PROMPT =>
Output every entry below word for word, without its pictures.

DATA RECORDS =>
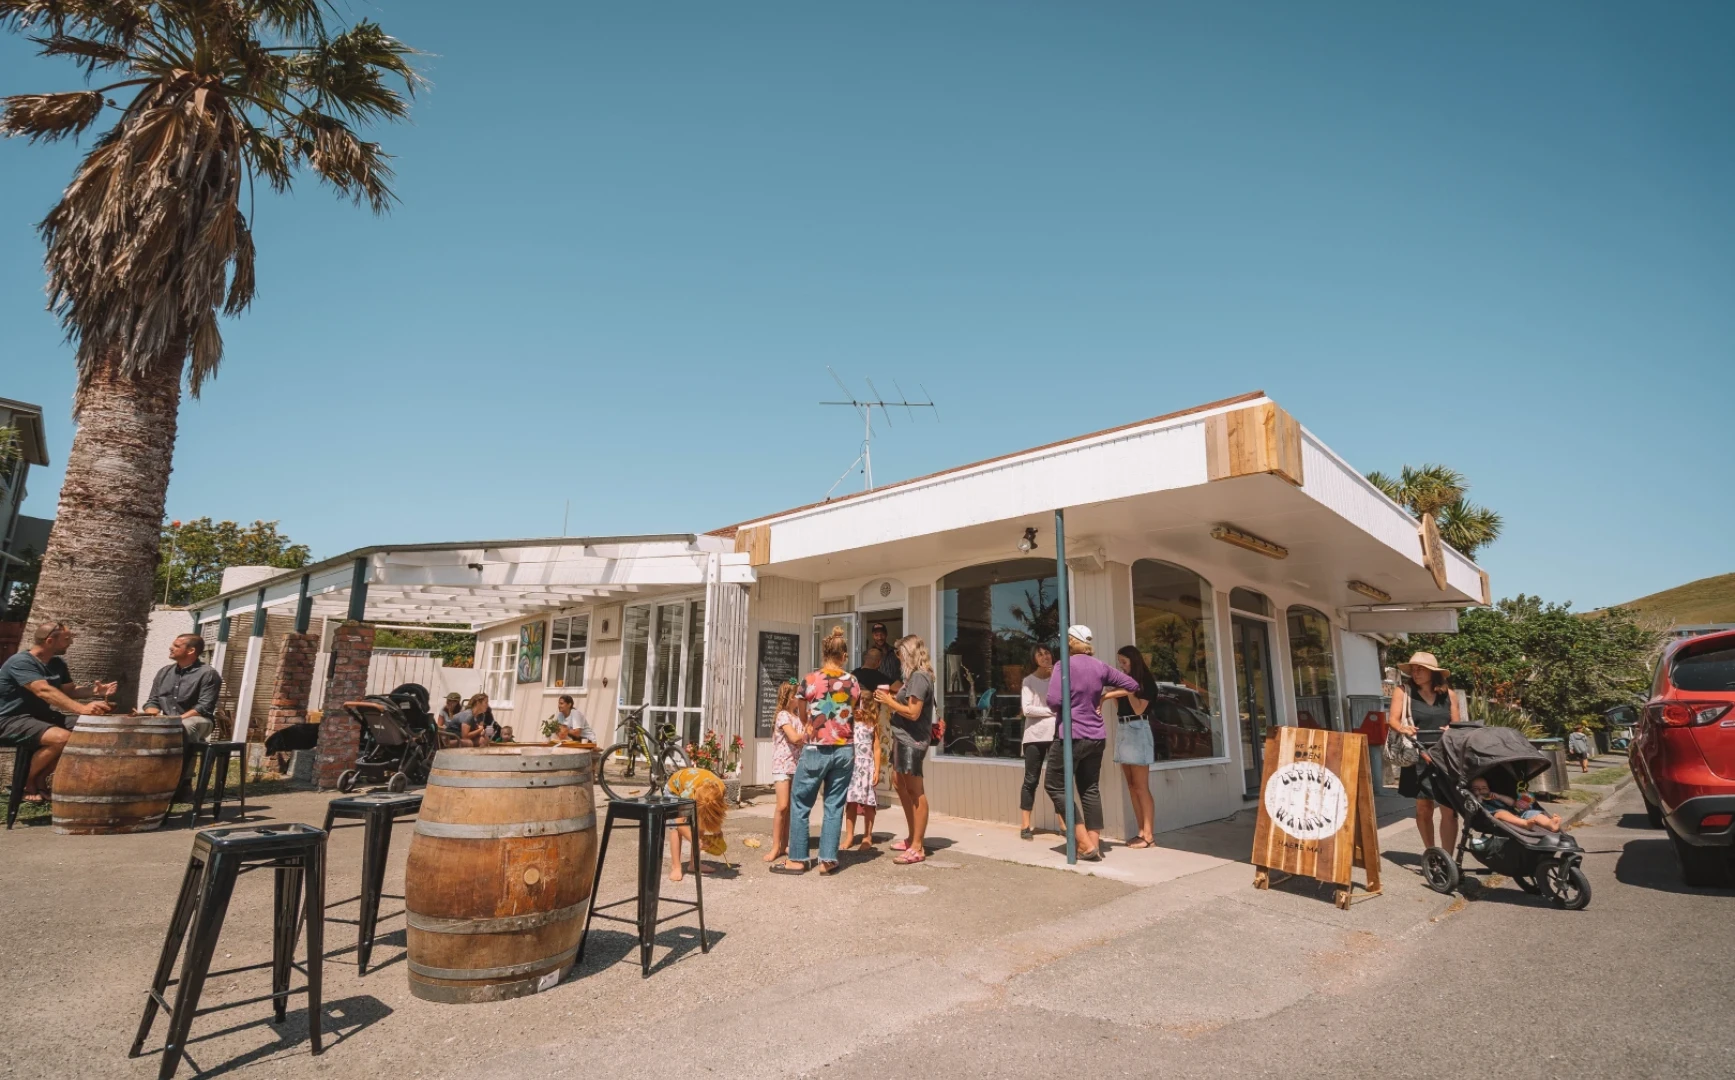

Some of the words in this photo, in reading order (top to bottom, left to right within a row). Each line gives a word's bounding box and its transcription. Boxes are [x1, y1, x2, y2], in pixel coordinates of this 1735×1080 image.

[1295, 751, 1321, 760] OPEN
[1276, 806, 1331, 830] WAINUI
[1278, 841, 1304, 850] HAERE
[1307, 846, 1323, 855] MAI
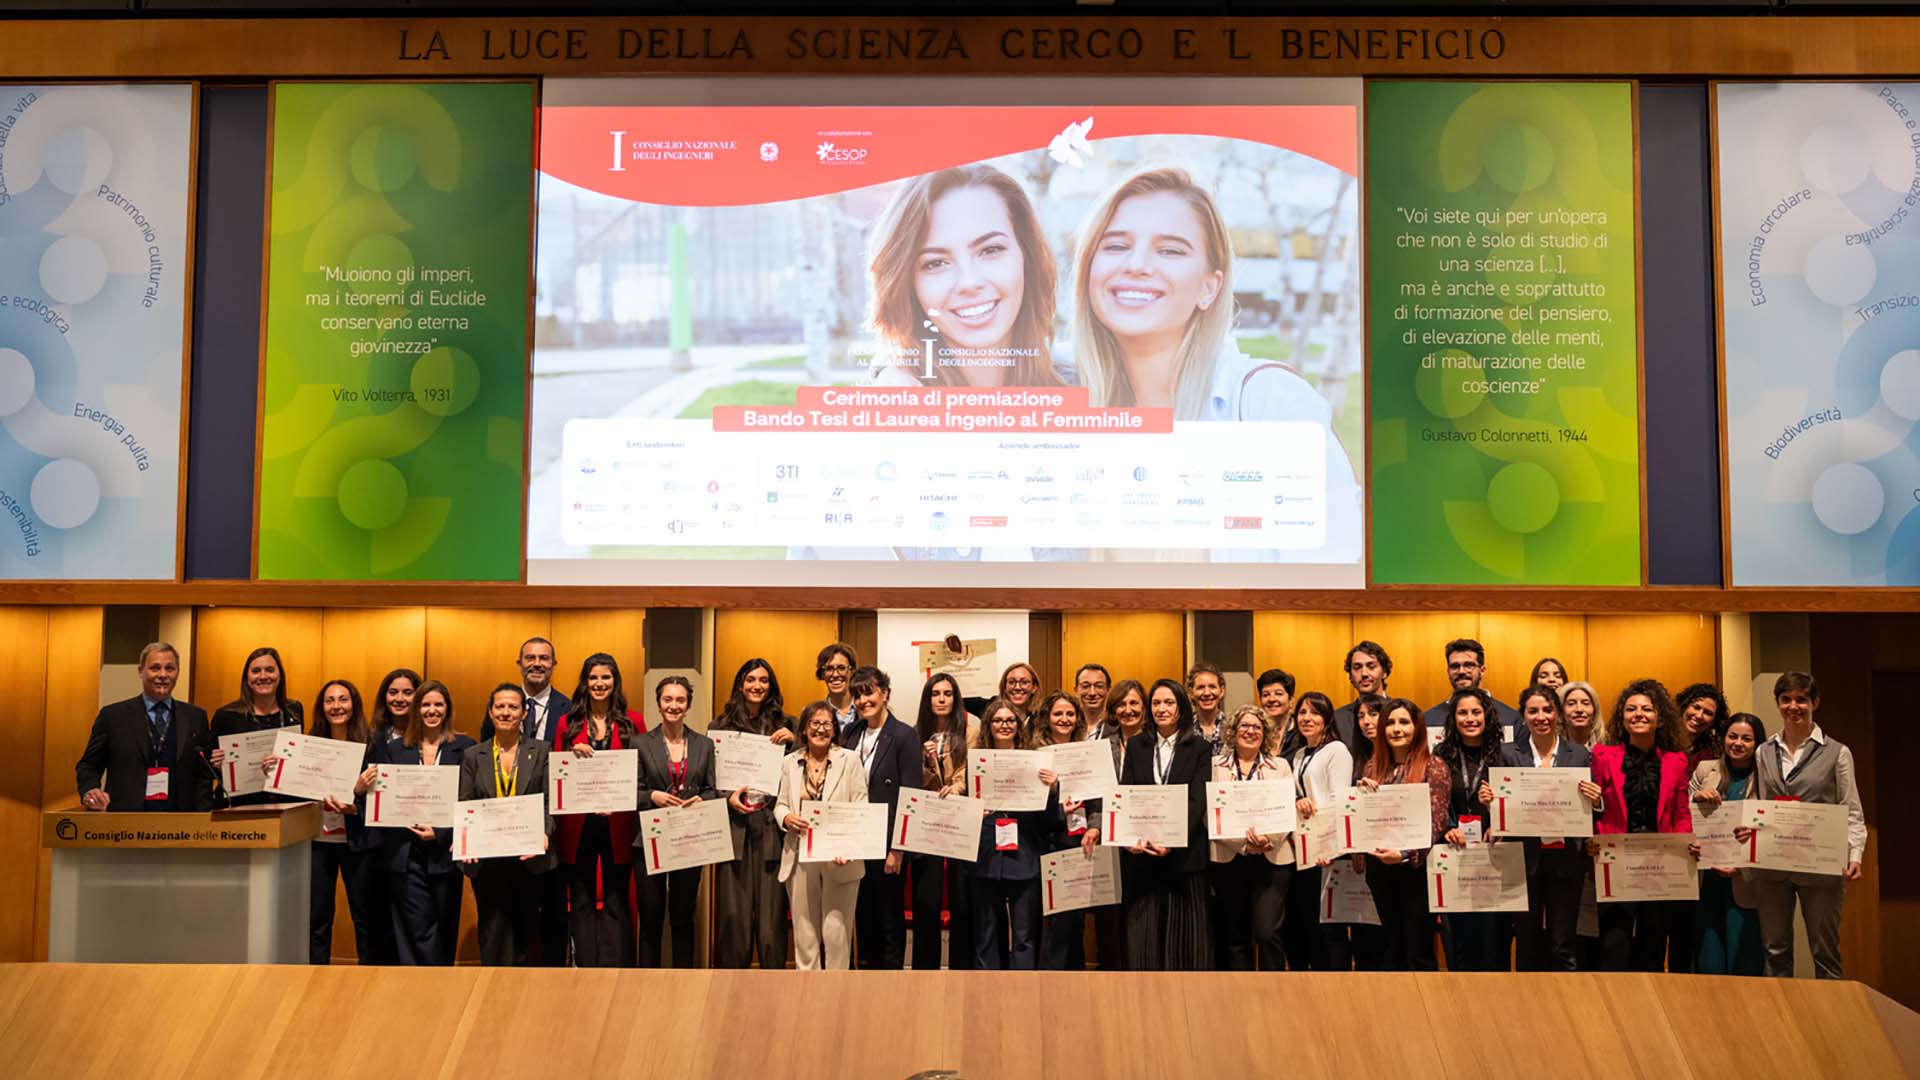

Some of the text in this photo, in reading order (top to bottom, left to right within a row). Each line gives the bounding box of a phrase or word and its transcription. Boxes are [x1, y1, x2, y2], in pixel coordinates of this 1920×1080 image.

YOUR SOLUTION =>
Some of the words in this photo, in reading order (top to bottom, left to right within a row). Each line gives a word's bounding box and its transcription. Boxes are [x1, y1, x2, y2], in pixel coordinates of this 1735×1080 image.

[1295, 751, 1321, 760] OPEN
[1276, 806, 1331, 830] WAINUI
[1278, 841, 1304, 850] HAERE
[1307, 846, 1323, 855] MAI

Some of the text in this photo, in reading order (top to bottom, left to right within a row). Each line gives the bounding box of a phrase or word and its transcription. Boxes are [x1, y1, x2, y2], in pixel coordinates of this 1920×1080 image.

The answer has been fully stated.